*** Begin section ***
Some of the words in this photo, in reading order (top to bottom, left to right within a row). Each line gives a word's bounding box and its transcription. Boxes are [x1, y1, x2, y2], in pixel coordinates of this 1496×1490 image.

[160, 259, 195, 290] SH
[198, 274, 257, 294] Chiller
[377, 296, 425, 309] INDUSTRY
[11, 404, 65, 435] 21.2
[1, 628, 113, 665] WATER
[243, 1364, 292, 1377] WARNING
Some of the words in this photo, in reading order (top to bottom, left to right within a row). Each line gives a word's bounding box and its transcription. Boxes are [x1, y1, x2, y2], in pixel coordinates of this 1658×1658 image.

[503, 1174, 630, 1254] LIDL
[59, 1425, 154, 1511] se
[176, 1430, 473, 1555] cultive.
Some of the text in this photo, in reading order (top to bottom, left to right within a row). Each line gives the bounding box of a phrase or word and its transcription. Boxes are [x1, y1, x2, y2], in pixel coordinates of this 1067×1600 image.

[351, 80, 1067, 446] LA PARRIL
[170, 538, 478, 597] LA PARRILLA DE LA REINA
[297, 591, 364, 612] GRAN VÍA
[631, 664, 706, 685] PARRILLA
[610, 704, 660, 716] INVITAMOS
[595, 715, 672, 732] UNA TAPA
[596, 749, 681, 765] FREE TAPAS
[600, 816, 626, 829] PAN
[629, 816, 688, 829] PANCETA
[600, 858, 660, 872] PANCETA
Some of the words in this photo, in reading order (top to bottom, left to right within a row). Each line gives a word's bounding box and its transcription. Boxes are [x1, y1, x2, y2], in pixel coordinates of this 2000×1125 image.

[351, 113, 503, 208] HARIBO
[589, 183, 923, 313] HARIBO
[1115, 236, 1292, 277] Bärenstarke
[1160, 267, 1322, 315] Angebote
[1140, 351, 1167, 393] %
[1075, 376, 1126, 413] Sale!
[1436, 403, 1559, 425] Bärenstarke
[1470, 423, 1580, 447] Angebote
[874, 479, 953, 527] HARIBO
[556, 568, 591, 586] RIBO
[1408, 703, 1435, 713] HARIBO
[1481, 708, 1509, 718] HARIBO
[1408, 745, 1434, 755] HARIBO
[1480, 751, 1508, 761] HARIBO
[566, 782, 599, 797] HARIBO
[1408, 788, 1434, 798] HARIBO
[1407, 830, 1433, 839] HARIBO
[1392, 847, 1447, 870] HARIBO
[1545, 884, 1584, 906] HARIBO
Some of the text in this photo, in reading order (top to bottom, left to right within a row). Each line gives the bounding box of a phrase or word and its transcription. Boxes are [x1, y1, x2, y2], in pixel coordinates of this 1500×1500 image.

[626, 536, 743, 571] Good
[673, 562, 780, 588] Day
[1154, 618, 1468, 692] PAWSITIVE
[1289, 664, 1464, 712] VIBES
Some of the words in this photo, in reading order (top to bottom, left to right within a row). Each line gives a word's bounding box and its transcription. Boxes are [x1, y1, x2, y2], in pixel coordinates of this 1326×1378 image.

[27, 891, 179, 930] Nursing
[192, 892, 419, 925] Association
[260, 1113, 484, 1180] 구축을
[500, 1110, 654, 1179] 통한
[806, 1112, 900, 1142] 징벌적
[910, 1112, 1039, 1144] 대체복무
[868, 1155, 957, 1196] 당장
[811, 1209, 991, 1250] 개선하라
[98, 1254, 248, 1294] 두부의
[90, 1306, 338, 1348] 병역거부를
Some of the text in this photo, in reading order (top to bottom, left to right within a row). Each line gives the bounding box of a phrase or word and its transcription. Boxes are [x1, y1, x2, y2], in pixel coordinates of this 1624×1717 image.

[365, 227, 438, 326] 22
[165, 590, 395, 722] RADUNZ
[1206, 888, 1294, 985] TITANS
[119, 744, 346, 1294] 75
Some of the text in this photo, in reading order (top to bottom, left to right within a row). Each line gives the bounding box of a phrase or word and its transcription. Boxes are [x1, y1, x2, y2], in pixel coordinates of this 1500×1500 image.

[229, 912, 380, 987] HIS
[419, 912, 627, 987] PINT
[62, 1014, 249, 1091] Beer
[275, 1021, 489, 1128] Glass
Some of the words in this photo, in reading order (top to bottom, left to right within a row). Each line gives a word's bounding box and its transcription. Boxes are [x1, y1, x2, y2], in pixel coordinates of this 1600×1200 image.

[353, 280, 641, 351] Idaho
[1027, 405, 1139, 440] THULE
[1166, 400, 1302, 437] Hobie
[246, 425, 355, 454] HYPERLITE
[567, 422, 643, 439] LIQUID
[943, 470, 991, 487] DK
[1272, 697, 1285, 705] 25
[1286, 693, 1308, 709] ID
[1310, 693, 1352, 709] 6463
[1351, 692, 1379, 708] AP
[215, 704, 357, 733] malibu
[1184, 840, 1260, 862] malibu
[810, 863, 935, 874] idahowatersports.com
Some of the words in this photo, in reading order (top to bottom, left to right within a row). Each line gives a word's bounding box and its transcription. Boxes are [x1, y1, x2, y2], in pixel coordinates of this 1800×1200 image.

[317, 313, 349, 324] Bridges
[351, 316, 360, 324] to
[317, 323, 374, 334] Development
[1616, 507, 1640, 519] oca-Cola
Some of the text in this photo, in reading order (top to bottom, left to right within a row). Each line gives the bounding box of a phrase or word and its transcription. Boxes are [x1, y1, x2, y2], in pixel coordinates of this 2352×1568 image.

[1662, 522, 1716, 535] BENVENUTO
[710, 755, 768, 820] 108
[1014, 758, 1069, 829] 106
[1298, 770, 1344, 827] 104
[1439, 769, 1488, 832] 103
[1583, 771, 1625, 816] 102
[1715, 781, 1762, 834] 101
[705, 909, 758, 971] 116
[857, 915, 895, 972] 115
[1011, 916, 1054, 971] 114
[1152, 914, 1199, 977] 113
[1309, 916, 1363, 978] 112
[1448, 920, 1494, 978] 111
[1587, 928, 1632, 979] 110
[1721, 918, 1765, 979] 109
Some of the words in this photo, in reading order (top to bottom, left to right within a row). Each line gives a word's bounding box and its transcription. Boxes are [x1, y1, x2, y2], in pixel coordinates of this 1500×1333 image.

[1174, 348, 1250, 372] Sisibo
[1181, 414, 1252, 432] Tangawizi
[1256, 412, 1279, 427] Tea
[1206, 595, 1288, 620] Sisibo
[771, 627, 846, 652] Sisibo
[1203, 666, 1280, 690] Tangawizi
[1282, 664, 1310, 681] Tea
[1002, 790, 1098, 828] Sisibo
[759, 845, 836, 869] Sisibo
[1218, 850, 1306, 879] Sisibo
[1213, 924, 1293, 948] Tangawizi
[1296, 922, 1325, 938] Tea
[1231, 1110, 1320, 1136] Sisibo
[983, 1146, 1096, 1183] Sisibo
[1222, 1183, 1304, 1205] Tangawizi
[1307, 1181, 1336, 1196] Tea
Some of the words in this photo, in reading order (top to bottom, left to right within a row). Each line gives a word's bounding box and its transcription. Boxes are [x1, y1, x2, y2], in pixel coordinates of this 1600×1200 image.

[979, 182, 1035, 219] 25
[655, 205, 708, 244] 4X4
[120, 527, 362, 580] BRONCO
*** End section ***
EXERCISE PROMPT: Output each of the records exactly as it stands above.

RESULT OF THE EXERCISE:
Some of the words in this photo, in reading order (top to bottom, left to right within a row). Each line gives a word's bounding box and its transcription. Boxes are [x1, y1, x2, y2], in pixel coordinates of this 1496×1490 image.

[160, 259, 195, 290] SH
[198, 274, 257, 294] Chiller
[377, 296, 425, 309] INDUSTRY
[11, 404, 65, 435] 21.2
[1, 628, 113, 665] WATER
[243, 1364, 292, 1377] WARNING
Some of the words in this photo, in reading order (top to bottom, left to right within a row). Each line gives a word's bounding box and its transcription. Boxes are [x1, y1, x2, y2], in pixel coordinates of this 1658×1658 image.

[503, 1174, 630, 1254] LIDL
[59, 1425, 154, 1511] se
[176, 1430, 473, 1555] cultive.
Some of the text in this photo, in reading order (top to bottom, left to right within a row). Each line gives the bounding box of a phrase or word and its transcription. Boxes are [x1, y1, x2, y2], in pixel coordinates of this 1067×1600 image.

[351, 80, 1067, 446] LA PARRIL
[170, 538, 478, 597] LA PARRILLA DE LA REINA
[297, 591, 364, 612] GRAN VÍA
[631, 664, 706, 685] PARRILLA
[610, 704, 660, 716] INVITAMOS
[595, 715, 672, 732] UNA TAPA
[596, 749, 681, 765] FREE TAPAS
[600, 816, 626, 829] PAN
[629, 816, 688, 829] PANCETA
[600, 858, 660, 872] PANCETA
Some of the words in this photo, in reading order (top to bottom, left to right within a row). Each line gives a word's bounding box and its transcription. Boxes are [x1, y1, x2, y2], in pixel coordinates of this 2000×1125 image.

[351, 113, 503, 208] HARIBO
[589, 183, 923, 313] HARIBO
[1115, 236, 1292, 277] Bärenstarke
[1160, 267, 1322, 315] Angebote
[1140, 351, 1167, 393] %
[1075, 376, 1126, 413] Sale!
[1436, 403, 1559, 425] Bärenstarke
[1470, 423, 1580, 447] Angebote
[874, 479, 953, 527] HARIBO
[556, 568, 591, 586] RIBO
[1408, 703, 1435, 713] HARIBO
[1481, 708, 1509, 718] HARIBO
[1408, 745, 1434, 755] HARIBO
[1480, 751, 1508, 761] HARIBO
[566, 782, 599, 797] HARIBO
[1408, 788, 1434, 798] HARIBO
[1407, 830, 1433, 839] HARIBO
[1392, 847, 1447, 870] HARIBO
[1545, 884, 1584, 906] HARIBO
Some of the text in this photo, in reading order (top to bottom, left to right within a row). Each line gives the bounding box of a phrase or word and its transcription. Boxes are [x1, y1, x2, y2], in pixel coordinates of this 1500×1500 image.

[626, 536, 743, 571] Good
[673, 562, 780, 588] Day
[1154, 618, 1468, 692] PAWSITIVE
[1289, 664, 1464, 712] VIBES
Some of the words in this photo, in reading order (top to bottom, left to right within a row). Each line gives a word's bounding box and its transcription. Boxes are [x1, y1, x2, y2], in pixel coordinates of this 1326×1378 image.

[27, 891, 179, 930] Nursing
[192, 892, 419, 925] Association
[260, 1113, 484, 1180] 구축을
[500, 1110, 654, 1179] 통한
[806, 1112, 900, 1142] 징벌적
[910, 1112, 1039, 1144] 대체복무
[868, 1155, 957, 1196] 당장
[811, 1209, 991, 1250] 개선하라
[98, 1254, 248, 1294] 두부의
[90, 1306, 338, 1348] 병역거부를
Some of the text in this photo, in reading order (top to bottom, left to right within a row). Each line gives the bounding box of a phrase or word and its transcription. Boxes are [x1, y1, x2, y2], in pixel coordinates of this 1624×1717 image.

[365, 227, 438, 326] 22
[165, 590, 395, 722] RADUNZ
[1206, 888, 1294, 985] TITANS
[119, 744, 346, 1294] 75
Some of the text in this photo, in reading order (top to bottom, left to right within a row). Each line gives the bounding box of a phrase or word and its transcription. Boxes are [x1, y1, x2, y2], in pixel coordinates of this 1500×1500 image.

[229, 912, 380, 987] HIS
[419, 912, 627, 987] PINT
[62, 1014, 249, 1091] Beer
[275, 1021, 489, 1128] Glass
Some of the words in this photo, in reading order (top to bottom, left to right within a row). Each line gives a word's bounding box and its transcription. Boxes are [x1, y1, x2, y2], in pixel coordinates of this 1600×1200 image.

[353, 280, 641, 351] Idaho
[1027, 405, 1139, 440] THULE
[1166, 400, 1302, 437] Hobie
[246, 425, 355, 454] HYPERLITE
[567, 422, 643, 439] LIQUID
[943, 470, 991, 487] DK
[1272, 697, 1285, 705] 25
[1286, 693, 1308, 709] ID
[1310, 693, 1352, 709] 6463
[1351, 692, 1379, 708] AP
[215, 704, 357, 733] malibu
[1184, 840, 1260, 862] malibu
[810, 863, 935, 874] idahowatersports.com
Some of the words in this photo, in reading order (top to bottom, left to right within a row). Each line gives a word's bounding box and its transcription. Boxes are [x1, y1, x2, y2], in pixel coordinates of this 1800×1200 image.

[317, 313, 349, 324] Bridges
[351, 316, 360, 324] to
[317, 323, 374, 334] Development
[1616, 507, 1640, 519] oca-Cola
Some of the text in this photo, in reading order (top to bottom, left to right within a row). Each line gives the bounding box of a phrase or word and its transcription. Boxes are [x1, y1, x2, y2], in pixel coordinates of this 2352×1568 image.

[1662, 522, 1716, 535] BENVENUTO
[710, 755, 768, 820] 108
[1014, 758, 1069, 829] 106
[1298, 770, 1344, 827] 104
[1439, 769, 1488, 832] 103
[1583, 771, 1625, 816] 102
[1715, 781, 1762, 834] 101
[705, 909, 758, 971] 116
[857, 915, 895, 972] 115
[1011, 916, 1054, 971] 114
[1152, 914, 1199, 977] 113
[1309, 916, 1363, 978] 112
[1448, 920, 1494, 978] 111
[1587, 928, 1632, 979] 110
[1721, 918, 1765, 979] 109
Some of the words in this photo, in reading order (top to bottom, left to right within a row). Each line gives a word's bounding box and its transcription. Boxes are [x1, y1, x2, y2], in pixel coordinates of this 1500×1333 image.

[1174, 348, 1250, 372] Sisibo
[1181, 414, 1252, 432] Tangawizi
[1256, 412, 1279, 427] Tea
[1206, 595, 1288, 620] Sisibo
[771, 627, 846, 652] Sisibo
[1203, 666, 1280, 690] Tangawizi
[1282, 664, 1310, 681] Tea
[1002, 790, 1098, 828] Sisibo
[759, 845, 836, 869] Sisibo
[1218, 850, 1306, 879] Sisibo
[1213, 924, 1293, 948] Tangawizi
[1296, 922, 1325, 938] Tea
[1231, 1110, 1320, 1136] Sisibo
[983, 1146, 1096, 1183] Sisibo
[1222, 1183, 1304, 1205] Tangawizi
[1307, 1181, 1336, 1196] Tea
Some of the words in this photo, in reading order (top to bottom, left to right within a row). Each line gives a word's bounding box and its transcription. Boxes are [x1, y1, x2, y2], in pixel coordinates of this 1600×1200 image.

[979, 182, 1035, 219] 25
[655, 205, 708, 244] 4X4
[120, 527, 362, 580] BRONCO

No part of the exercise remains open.